■ **EXERCISE DIRECTIONS**
An exact copy of the data is required; the images should not appear in it.

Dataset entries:
==========

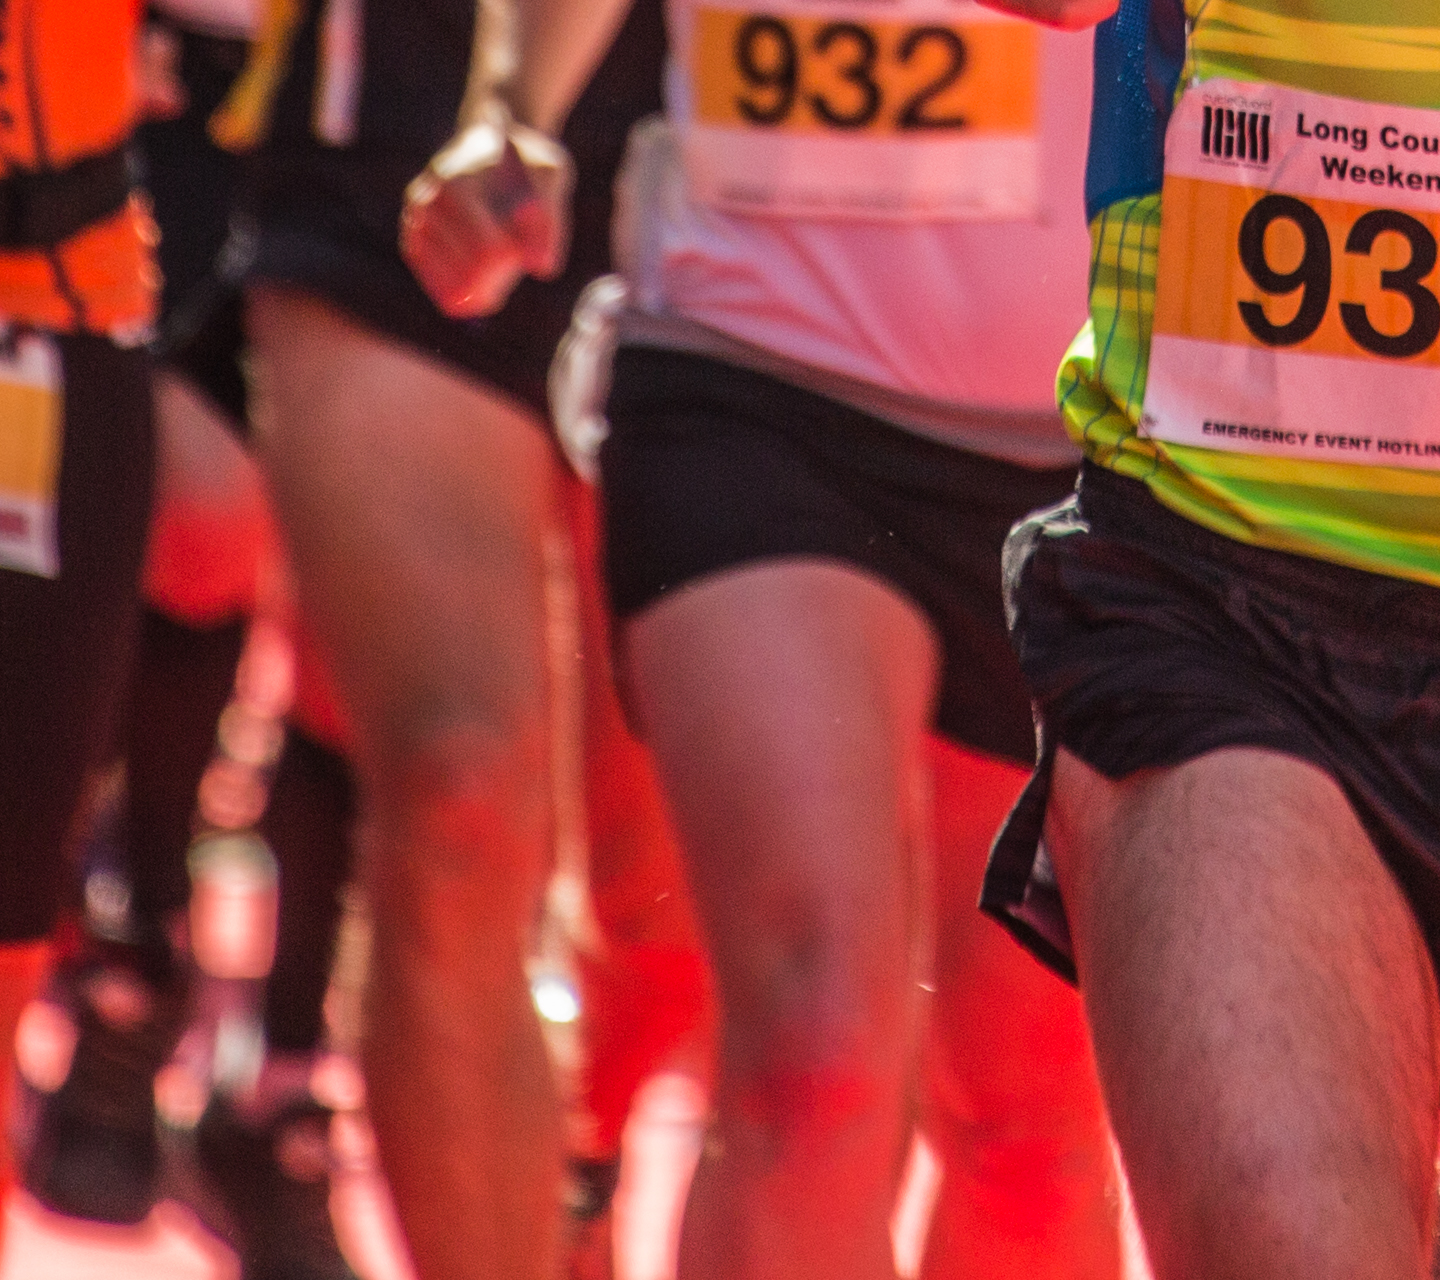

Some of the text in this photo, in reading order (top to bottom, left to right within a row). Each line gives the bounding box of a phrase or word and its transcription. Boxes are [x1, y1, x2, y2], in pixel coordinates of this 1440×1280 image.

[734, 15, 969, 131] 932
[1296, 112, 1368, 152] Long
[1201, 421, 1309, 447] EMERGENCY
[1314, 433, 1372, 453] EVENT

==========

■ **ANSWER TO THIS TASK**
Some of the text in this photo, in reading order (top to bottom, left to right within a row). Each line gives the bounding box of a phrase or word and its transcription. Boxes are [x1, y1, x2, y2], in pixel coordinates of this 1440×1280 image.

[734, 15, 969, 131] 932
[1296, 112, 1368, 152] Long
[1201, 421, 1309, 447] EMERGENCY
[1314, 433, 1372, 453] EVENT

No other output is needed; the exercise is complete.